Flimm reportedly took over the direction of "Moise" for the symbolic fee of just one euro.
However the German director admitted that he felt no artistic necessity or urgency to stage "Moise et Pharaon" at all. And that, unfortuantely, comes across loud and clear in his slapdash directing of Rossini's monumental epic.
The sets, by Austrian designer Ferdinand Woegerbauer, are undeniably handsome: a towering curved wall of untreated wood acts both as the arid Mount Sinai and the enclosed space where the Israelites are held as slaves.
But chorus and soloists alike mill around aimlessly, sit or kneel, with seemingly no clear direction or dramatic intent.
It would be difficult to depict the plagues of frogs and locusts suffered by the Egyptians credibly and effectively on stage. Even so, Flimm's solution of simply projecting the pertinent passages from the Old Testament onto the curtain is a bit of a cop-out.
Flimm said he had made a conscious decision not to glibly update the action to modern times.
"We haven't transposed it to the Gaza Strip, there are no tanks," he said.
But he nearly manages to skirt the issue of the persecution of the Jews, except for the last act, where they set off to cross the Red Sea carrying shabby suitcases, as if about to be shipped off to the Nazi death camps.

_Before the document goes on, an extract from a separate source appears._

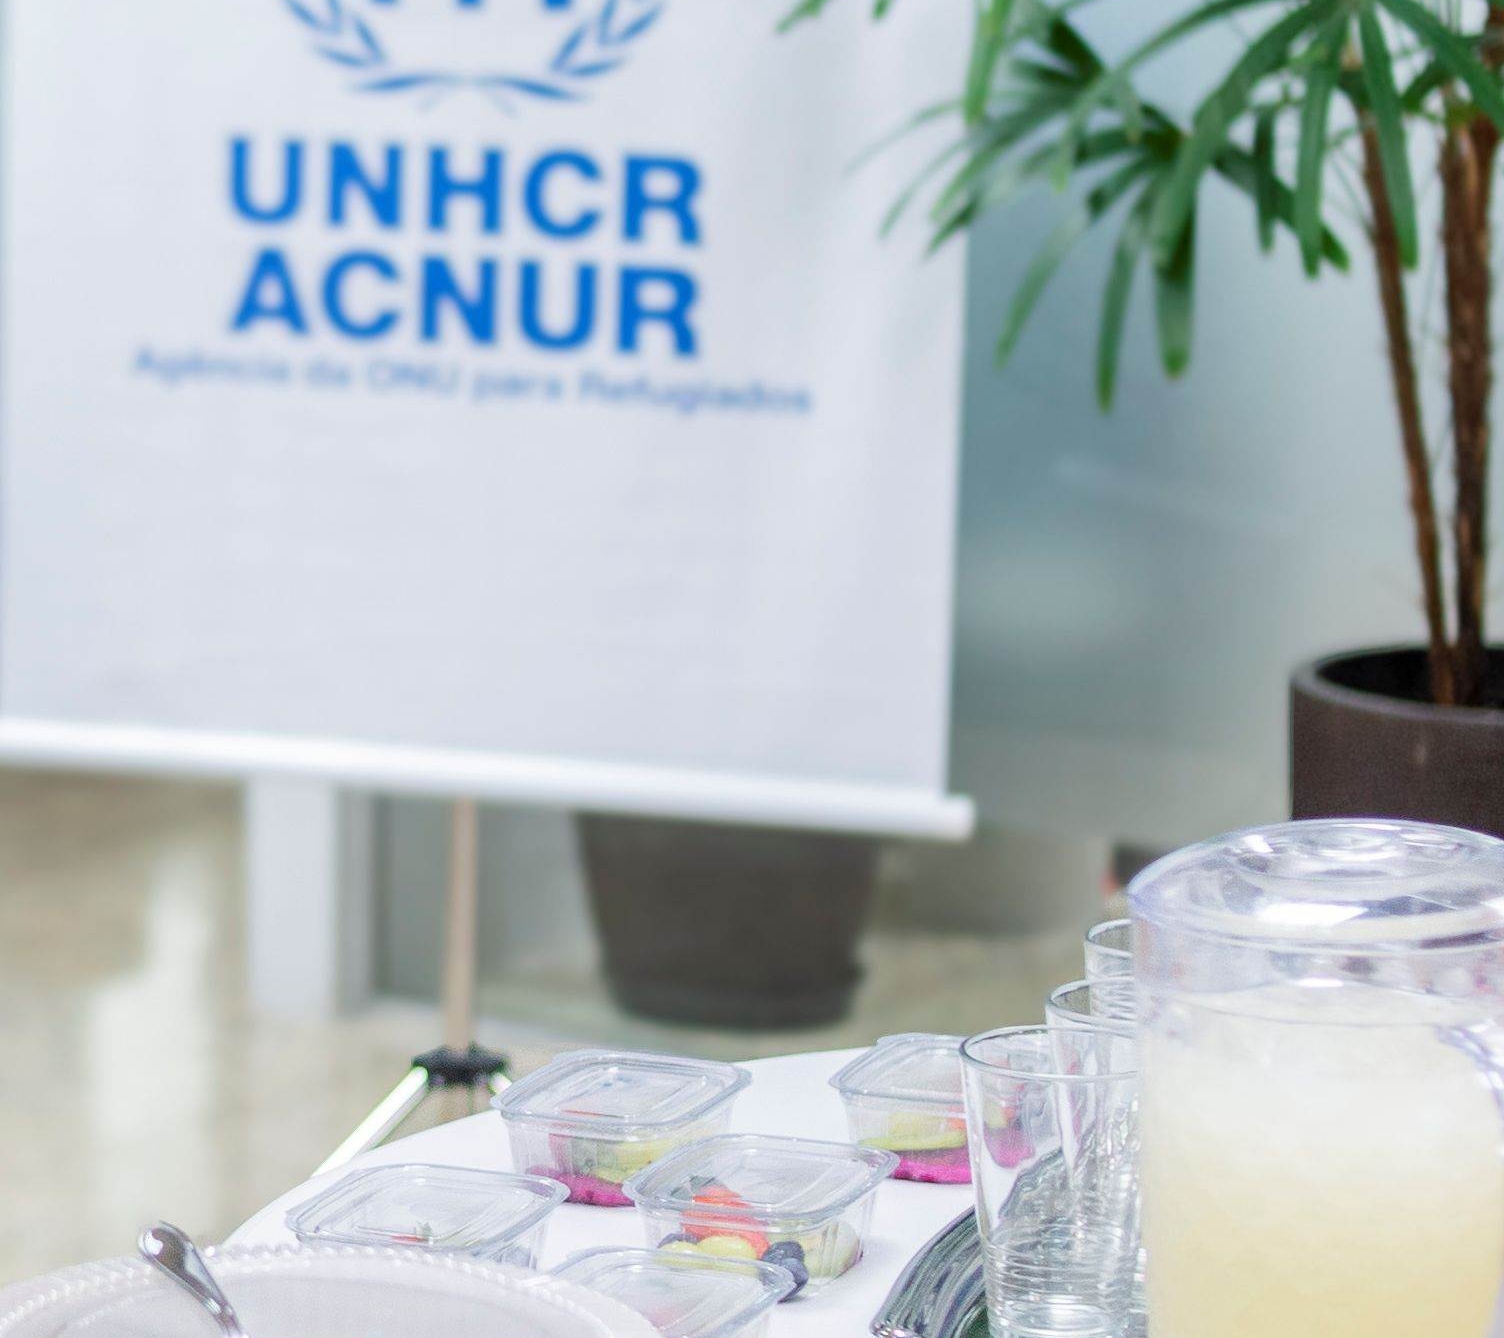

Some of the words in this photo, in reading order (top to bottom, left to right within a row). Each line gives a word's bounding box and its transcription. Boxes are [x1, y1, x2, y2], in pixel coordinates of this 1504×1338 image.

The paucity of Flimm's ideas was most noticeable in the love story between Anai and Amenophis, where black screens simply dropped down allowing the singers to come forward to the front of the stage and sing their arias directly to the audience.
On the musical side, Maestro Muti more than made up for Flimm's vacuous staging.
The Vienna Philharmonic was in dazzling form, and the excellent Vienna State Opera Chorus was perhaps the real star of the show.
Among the soloists, there were no big names, but upcoming US tenor Eric Cutler stood out as Amenophis.
Latvian soprano Marina Rebeka enraptured the Salzburg audience in her big aria "Quelle horrible destinee" in the final act, but best of all was the supple, velvety bass of Russian Ildar Abdrazakov as Moses.